In the process of dealing with actual machine learning problems, id features are often encountered, such as user ID, user gender, product ID, etc. Here, will usually use and learn the common solution ideas for a summary.

1. OneHot

This is the most common processing method for id class features. In this case, the ID class features can be enumerated, and each value is 1 and the other bits are 0. For example, the genders are male, female and unknown. So male is [1,0,0].

2. Multi-OneHot

In addition to the above cases, a variable may have more than one value at the same time. For example, in the e-mall scenario, where a user may interact with multiple items in their historical behavior, the OneHot describing the item the user interacts with has more than one bit of one, such as [1,0,0,1,0].

3. Statistical methods

The use of statistical methods to represent ID features generally refers to the representation of ID features in the dimension with statistical significance (occurrence frequency, co-occurrence times, etc.).

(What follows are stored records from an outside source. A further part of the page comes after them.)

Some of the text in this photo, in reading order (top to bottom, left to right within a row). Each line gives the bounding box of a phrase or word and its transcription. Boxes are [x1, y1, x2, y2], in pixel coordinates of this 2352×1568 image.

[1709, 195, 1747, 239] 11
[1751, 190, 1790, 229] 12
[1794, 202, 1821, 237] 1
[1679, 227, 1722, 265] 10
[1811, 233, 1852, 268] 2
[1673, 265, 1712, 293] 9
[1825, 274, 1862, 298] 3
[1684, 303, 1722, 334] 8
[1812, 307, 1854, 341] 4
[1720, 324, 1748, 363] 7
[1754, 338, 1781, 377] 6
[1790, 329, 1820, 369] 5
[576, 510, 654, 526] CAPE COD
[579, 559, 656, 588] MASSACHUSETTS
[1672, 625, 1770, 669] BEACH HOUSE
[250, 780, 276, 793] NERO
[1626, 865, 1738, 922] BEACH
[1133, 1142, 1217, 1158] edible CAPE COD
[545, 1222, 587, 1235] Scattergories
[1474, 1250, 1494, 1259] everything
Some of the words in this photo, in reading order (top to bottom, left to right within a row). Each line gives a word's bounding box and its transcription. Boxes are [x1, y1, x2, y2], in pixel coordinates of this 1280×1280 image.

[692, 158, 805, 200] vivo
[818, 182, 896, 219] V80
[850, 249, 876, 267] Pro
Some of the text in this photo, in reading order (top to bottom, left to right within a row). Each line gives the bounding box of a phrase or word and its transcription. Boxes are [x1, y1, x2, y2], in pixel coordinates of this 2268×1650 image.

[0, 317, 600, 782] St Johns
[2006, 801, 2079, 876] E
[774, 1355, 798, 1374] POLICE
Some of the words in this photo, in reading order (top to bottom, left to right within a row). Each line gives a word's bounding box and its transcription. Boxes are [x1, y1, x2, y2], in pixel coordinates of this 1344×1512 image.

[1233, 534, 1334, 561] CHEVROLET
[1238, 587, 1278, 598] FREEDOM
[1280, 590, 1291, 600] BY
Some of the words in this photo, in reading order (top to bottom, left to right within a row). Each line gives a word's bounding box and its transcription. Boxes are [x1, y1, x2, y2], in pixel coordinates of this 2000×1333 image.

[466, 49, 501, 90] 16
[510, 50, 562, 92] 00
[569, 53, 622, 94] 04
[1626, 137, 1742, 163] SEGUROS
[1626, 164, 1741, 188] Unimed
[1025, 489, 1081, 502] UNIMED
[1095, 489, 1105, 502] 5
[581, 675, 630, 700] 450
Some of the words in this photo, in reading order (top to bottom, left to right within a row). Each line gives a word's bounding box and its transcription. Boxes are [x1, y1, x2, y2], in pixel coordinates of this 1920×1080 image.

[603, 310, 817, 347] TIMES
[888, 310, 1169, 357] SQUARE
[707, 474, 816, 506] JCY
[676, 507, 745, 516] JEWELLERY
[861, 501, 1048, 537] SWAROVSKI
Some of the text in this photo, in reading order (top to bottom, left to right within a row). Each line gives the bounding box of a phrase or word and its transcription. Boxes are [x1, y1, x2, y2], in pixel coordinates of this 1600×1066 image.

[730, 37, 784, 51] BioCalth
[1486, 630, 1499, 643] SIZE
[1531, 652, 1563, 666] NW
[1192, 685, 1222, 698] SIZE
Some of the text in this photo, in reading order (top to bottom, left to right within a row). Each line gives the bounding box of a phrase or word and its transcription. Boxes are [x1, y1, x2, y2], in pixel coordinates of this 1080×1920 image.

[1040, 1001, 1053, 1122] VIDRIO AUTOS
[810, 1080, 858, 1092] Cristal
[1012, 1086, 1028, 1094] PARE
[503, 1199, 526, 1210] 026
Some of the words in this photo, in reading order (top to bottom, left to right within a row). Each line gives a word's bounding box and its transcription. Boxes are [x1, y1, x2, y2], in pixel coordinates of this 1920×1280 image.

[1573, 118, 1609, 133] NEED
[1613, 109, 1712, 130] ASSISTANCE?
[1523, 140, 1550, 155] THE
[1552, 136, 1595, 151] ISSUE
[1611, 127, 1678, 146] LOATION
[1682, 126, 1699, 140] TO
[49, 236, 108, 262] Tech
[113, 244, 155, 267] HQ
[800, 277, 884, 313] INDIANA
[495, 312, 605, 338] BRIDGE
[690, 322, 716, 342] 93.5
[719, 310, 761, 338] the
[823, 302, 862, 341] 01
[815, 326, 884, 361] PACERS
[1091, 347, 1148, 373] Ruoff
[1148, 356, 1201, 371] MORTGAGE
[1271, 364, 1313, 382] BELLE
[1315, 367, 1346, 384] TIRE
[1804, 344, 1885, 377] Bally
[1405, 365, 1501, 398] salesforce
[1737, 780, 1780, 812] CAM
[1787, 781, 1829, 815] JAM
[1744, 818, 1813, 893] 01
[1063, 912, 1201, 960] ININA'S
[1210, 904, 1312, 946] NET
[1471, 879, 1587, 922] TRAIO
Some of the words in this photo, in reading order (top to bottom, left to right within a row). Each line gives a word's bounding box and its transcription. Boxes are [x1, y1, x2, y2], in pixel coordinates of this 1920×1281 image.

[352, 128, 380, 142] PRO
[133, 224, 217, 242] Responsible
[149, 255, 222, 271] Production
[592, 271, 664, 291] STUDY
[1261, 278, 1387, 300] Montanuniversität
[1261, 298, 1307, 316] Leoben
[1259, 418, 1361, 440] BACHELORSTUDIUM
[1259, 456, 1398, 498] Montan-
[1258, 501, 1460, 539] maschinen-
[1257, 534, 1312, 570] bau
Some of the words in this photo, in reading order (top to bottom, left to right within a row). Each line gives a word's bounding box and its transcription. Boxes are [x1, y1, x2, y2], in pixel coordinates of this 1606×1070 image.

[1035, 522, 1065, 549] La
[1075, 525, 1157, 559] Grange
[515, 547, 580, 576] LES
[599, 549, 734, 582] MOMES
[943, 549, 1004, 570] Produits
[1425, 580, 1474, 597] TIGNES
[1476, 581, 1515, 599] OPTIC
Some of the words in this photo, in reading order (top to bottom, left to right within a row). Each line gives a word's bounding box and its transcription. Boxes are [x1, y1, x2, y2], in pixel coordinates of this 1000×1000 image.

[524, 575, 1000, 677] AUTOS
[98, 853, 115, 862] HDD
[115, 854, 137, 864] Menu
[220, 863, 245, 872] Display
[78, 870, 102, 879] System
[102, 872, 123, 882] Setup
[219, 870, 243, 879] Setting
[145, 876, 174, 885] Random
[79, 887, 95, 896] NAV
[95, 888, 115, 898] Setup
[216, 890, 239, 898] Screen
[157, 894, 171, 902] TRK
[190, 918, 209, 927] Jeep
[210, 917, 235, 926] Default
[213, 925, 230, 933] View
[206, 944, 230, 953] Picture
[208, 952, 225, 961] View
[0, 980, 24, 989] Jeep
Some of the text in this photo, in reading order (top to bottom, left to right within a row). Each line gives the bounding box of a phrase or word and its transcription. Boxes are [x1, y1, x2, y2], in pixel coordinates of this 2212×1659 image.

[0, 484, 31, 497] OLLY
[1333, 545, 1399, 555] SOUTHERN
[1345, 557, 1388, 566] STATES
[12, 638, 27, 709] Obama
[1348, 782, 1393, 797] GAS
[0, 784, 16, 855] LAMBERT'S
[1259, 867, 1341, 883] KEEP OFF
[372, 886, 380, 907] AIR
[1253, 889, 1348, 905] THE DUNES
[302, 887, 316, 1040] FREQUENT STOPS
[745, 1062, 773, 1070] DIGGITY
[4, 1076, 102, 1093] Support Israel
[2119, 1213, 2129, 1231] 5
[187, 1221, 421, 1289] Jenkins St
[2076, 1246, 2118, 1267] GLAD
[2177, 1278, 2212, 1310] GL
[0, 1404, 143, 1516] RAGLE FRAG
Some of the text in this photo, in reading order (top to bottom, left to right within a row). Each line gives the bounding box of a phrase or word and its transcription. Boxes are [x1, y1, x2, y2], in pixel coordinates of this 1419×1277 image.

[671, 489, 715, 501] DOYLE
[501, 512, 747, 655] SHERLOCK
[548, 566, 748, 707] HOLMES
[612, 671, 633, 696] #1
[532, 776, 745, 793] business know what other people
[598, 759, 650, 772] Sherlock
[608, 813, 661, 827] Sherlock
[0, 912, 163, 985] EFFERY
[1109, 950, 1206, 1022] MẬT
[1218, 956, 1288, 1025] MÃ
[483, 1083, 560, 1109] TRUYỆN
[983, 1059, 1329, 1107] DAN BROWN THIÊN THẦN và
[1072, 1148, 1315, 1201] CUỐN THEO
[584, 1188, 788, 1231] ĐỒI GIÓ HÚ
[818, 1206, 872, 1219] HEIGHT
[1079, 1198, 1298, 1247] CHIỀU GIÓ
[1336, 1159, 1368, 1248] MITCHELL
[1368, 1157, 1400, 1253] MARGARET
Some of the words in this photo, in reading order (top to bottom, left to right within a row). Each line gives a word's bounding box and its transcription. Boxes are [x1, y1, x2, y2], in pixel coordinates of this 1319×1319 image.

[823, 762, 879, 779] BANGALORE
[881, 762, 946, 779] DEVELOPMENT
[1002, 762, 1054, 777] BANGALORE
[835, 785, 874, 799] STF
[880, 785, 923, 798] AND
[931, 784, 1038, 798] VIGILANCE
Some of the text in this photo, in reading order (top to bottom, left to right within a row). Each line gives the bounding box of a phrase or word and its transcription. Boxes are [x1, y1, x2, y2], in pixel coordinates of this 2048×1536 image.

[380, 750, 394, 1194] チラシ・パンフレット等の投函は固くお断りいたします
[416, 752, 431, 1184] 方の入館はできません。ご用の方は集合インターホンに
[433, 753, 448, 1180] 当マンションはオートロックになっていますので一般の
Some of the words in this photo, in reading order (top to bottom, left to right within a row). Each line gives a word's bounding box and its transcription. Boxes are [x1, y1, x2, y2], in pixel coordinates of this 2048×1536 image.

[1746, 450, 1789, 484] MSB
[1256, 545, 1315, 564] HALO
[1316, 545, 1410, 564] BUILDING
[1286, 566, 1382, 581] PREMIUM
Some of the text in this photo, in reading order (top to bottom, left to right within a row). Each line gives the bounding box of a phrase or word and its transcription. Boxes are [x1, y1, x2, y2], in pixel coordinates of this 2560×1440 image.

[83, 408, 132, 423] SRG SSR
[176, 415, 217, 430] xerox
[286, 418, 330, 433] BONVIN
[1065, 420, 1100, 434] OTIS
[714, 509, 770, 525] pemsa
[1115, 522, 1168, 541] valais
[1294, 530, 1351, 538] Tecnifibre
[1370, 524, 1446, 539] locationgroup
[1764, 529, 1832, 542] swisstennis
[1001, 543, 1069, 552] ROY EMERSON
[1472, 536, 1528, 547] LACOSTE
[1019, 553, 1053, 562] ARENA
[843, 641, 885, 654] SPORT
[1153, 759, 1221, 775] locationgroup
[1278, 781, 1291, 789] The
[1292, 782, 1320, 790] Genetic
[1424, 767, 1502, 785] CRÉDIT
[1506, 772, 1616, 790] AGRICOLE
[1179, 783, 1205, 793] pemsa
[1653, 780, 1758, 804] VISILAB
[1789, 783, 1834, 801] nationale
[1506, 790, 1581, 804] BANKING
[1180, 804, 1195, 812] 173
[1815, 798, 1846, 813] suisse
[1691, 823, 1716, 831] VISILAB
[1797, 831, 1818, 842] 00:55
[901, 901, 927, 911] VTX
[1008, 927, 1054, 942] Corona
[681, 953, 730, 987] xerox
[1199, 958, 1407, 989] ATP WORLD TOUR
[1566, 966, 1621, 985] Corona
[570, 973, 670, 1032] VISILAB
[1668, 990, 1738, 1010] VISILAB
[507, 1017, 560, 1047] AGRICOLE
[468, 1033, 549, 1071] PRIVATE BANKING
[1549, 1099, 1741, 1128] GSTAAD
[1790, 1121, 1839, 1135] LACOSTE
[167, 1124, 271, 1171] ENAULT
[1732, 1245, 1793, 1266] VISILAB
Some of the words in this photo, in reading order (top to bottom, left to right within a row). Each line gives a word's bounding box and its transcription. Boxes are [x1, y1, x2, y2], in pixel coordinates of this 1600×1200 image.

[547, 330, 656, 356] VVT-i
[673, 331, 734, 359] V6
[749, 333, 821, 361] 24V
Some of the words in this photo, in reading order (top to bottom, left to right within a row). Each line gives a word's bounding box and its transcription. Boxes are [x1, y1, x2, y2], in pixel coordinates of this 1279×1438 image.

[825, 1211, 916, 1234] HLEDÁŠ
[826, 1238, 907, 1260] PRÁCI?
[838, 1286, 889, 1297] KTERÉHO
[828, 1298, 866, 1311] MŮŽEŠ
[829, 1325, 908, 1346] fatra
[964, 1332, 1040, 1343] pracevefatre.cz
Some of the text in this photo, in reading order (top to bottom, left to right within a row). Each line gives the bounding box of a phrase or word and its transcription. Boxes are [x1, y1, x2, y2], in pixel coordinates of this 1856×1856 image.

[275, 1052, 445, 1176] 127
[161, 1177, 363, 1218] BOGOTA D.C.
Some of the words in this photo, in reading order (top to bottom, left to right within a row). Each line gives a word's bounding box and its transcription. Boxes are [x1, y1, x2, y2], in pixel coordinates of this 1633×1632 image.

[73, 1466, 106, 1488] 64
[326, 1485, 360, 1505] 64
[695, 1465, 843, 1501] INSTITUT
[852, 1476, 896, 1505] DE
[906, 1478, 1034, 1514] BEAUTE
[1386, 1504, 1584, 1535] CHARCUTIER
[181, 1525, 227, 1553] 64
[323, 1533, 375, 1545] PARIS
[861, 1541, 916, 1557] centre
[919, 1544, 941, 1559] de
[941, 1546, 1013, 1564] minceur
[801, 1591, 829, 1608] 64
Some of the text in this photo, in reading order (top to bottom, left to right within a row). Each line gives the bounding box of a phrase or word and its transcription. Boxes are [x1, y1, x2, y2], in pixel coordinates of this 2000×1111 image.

The more common statistical models include word bag model, TFIDF, etc. The model constructs a new vector to represent the original ID sequence by calculating the correlation statistics of each ID in the id sequence.

4. Embedding

If the value range of id characteristic dimension is too large, the above two methods are easy to cause the situation of excessive characteristic dimension and sparse samples. In fact, if you use Logistic regression to fit sample data, it basically doesn’t need embedding, because LR is very suitable for large-scale sparse sample data. However, if you want to try the neural network correlation model, the sparse OneHot results need to be added to get the dense representation of features. Embedding is a large technical category, and some common methods are described below.

4.1 Unsupervised Sequence Embedding

Currently, unsupervised embedding is mainly applied to serialized features or data. Among them, the more classic ones are Word2vector and Glove. Word2vec idea originated in NLP, but gradually applied to all kinds of orderly sequence of scenario, the principle of zhuanlan.zhihu.com/p/26306795 can reference. The idea of Word2VEc can be applied to many scenarios. In the scenario of commodity recommendation, the vector representation of item can be learned by using word2vector in combination with user’s historical purchase sequence, namely Item2vec. In addition, song2vec (song embedding) and moive2vec(movie embedding) can also be extended.

4.2 Graph Embedding

If the id class features have the connection similar to graph, graph algorithm-based embedding model can be used to learn the representation of features, such as deepwalk, graph embedding, etc. Similar to Word2vec, deepWalk. Random walk is used to get the ID sequence, and then word2vec is used to get the results of each ID.

4.3 DNN embedding layer

Compared with unsupervised embedding method, embedding layer is added after input layer in DNN, so that the representation of ID type features can be obtained through training. Most mainstream recommendation models applied in recommendation scenarios, such as DeepFM/DIN, adopt this embedding layer to implement the following operations on ID class features.